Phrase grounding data
= = = = = = =
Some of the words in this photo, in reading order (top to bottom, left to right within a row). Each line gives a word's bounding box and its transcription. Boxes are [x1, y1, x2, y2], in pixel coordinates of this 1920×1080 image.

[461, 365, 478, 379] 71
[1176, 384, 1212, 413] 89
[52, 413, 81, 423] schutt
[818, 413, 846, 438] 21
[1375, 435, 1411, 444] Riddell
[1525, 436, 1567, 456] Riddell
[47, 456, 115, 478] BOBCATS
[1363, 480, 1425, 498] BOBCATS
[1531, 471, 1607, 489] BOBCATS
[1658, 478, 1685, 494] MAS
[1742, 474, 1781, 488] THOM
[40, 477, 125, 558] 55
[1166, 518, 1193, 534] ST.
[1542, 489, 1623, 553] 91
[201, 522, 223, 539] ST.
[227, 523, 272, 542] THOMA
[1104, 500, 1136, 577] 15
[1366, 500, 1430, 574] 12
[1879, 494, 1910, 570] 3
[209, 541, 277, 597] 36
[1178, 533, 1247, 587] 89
= = = = = = =
Exercise instructions >>
Copy the records above. Leave out nothing.

Result >>
Some of the words in this photo, in reading order (top to bottom, left to right within a row). Each line gives a word's bounding box and its transcription. Boxes are [x1, y1, x2, y2], in pixel coordinates of this 1920×1080 image.

[461, 365, 478, 379] 71
[1176, 384, 1212, 413] 89
[52, 413, 81, 423] schutt
[818, 413, 846, 438] 21
[1375, 435, 1411, 444] Riddell
[1525, 436, 1567, 456] Riddell
[47, 456, 115, 478] BOBCATS
[1363, 480, 1425, 498] BOBCATS
[1531, 471, 1607, 489] BOBCATS
[1658, 478, 1685, 494] MAS
[1742, 474, 1781, 488] THOM
[40, 477, 125, 558] 55
[1166, 518, 1193, 534] ST.
[1542, 489, 1623, 553] 91
[201, 522, 223, 539] ST.
[227, 523, 272, 542] THOMA
[1104, 500, 1136, 577] 15
[1366, 500, 1430, 574] 12
[1879, 494, 1910, 570] 3
[209, 541, 277, 597] 36
[1178, 533, 1247, 587] 89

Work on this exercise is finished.